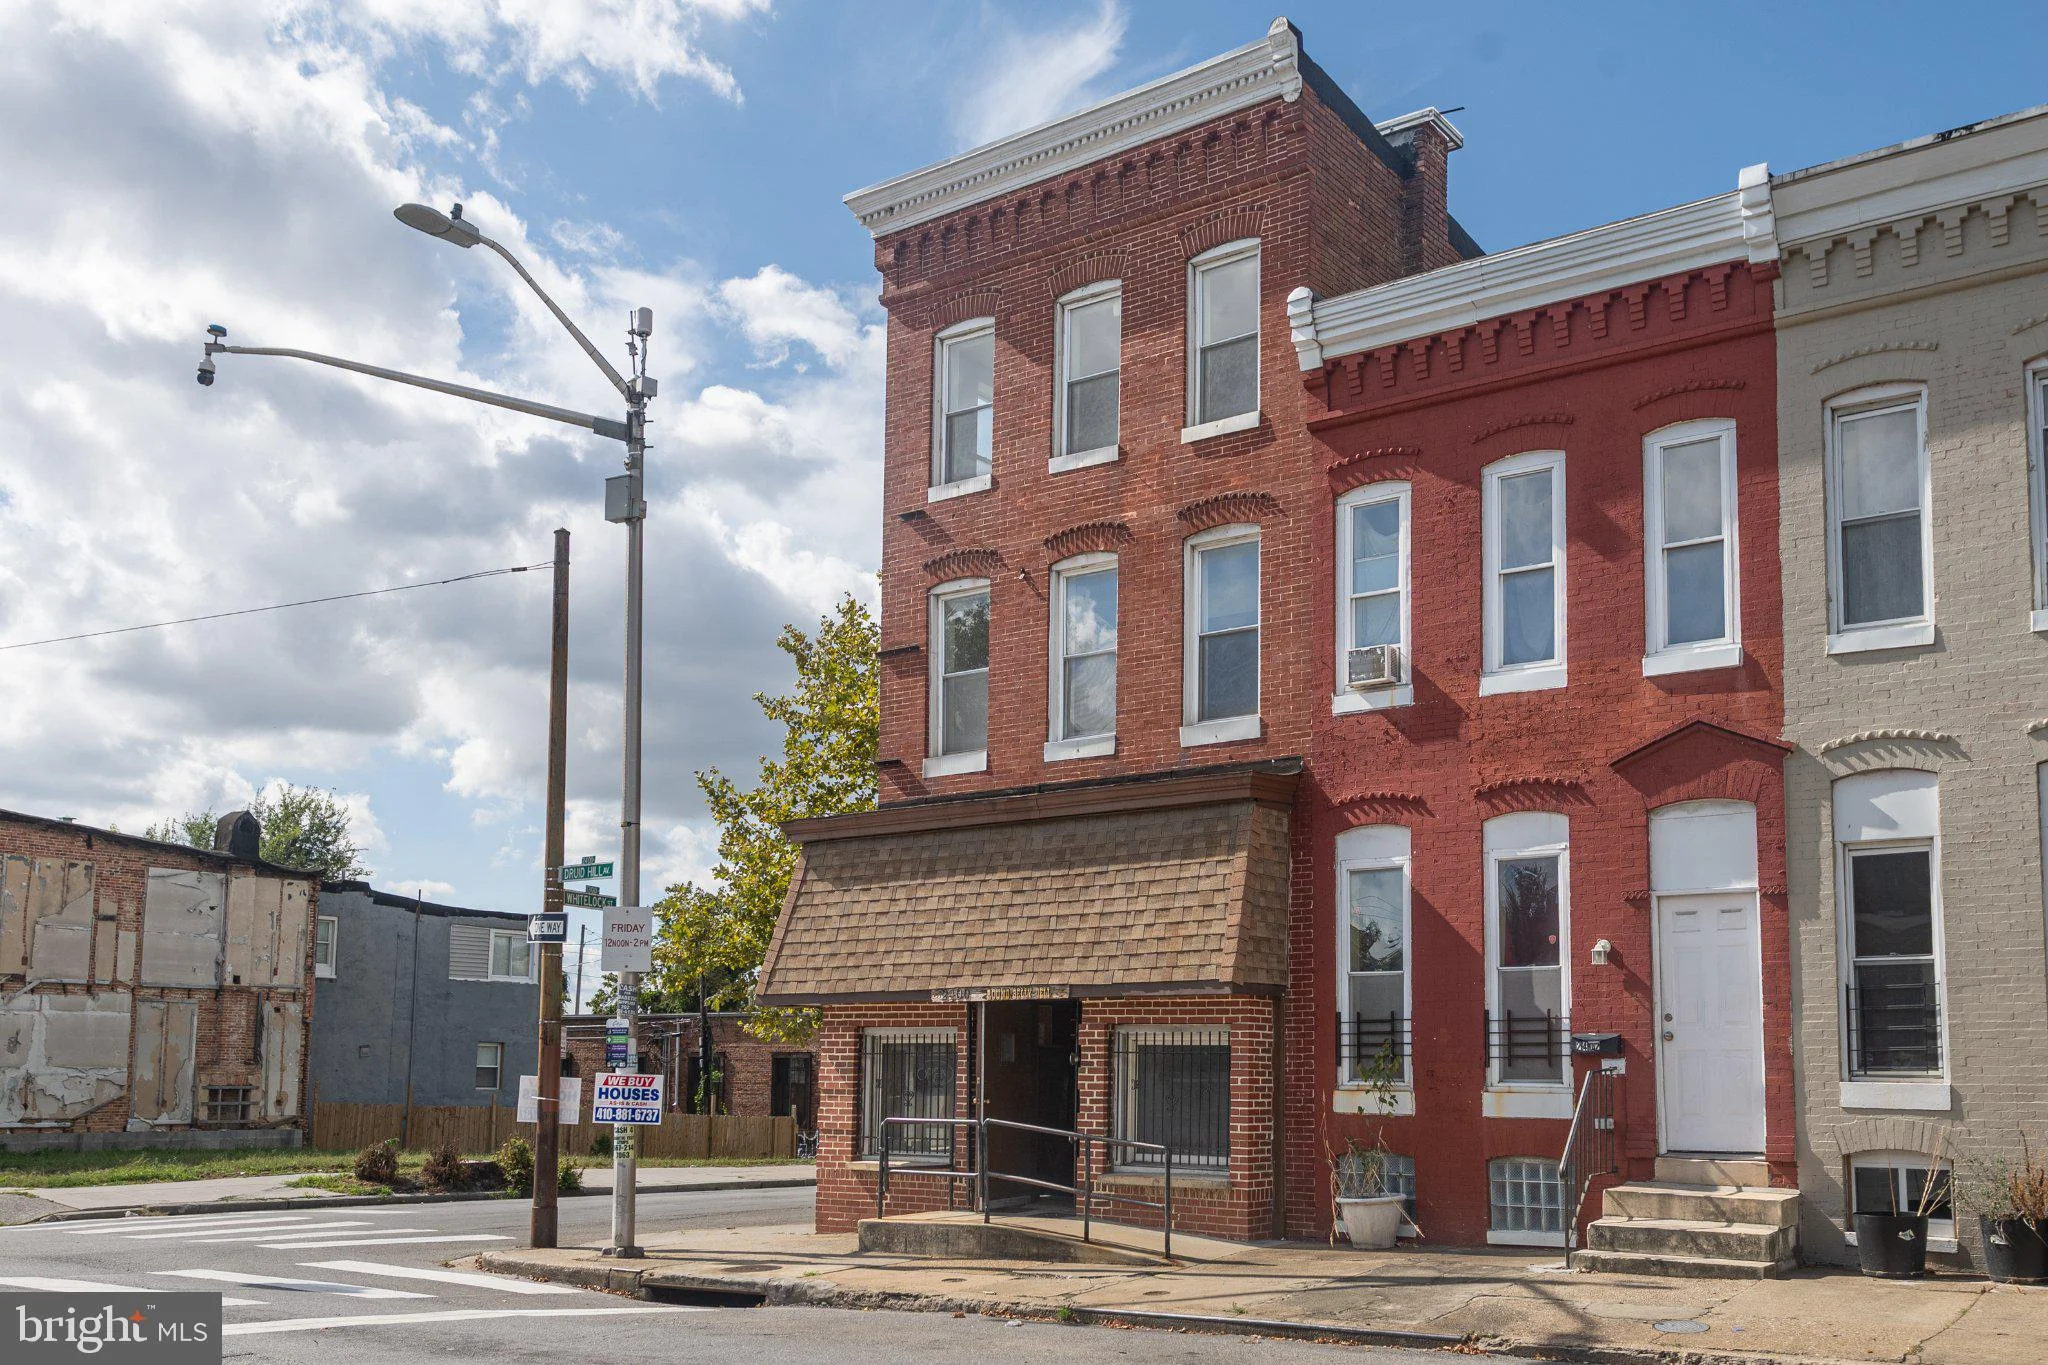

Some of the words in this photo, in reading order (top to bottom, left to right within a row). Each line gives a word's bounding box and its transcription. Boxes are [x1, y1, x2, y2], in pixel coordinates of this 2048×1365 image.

[564, 866, 585, 880] DRUID
[587, 865, 602, 878] HILL
[566, 893, 607, 908] WHITELOCK
[546, 922, 562, 933] WAY
[611, 923, 646, 933] FRIDAY
[607, 1076, 626, 1086] WE
[627, 1077, 652, 1087] BUY
[598, 1087, 660, 1101] HOUSES
[596, 1107, 658, 1122] 410-881-6737

What you need to do:
If a record holds a picture, leave the picture out and copy the rest exactly.

Written solution:
Some of the words in this photo, in reading order (top to bottom, left to right within a row). Each line gives a word's bounding box and its transcription. Boxes are [x1, y1, x2, y2], in pixel coordinates of this 2048×1365 image.

[564, 866, 585, 880] DRUID
[587, 865, 602, 878] HILL
[566, 893, 607, 908] WHITELOCK
[546, 922, 562, 933] WAY
[611, 923, 646, 933] FRIDAY
[607, 1076, 626, 1086] WE
[627, 1077, 652, 1087] BUY
[598, 1087, 660, 1101] HOUSES
[596, 1107, 658, 1122] 410-881-6737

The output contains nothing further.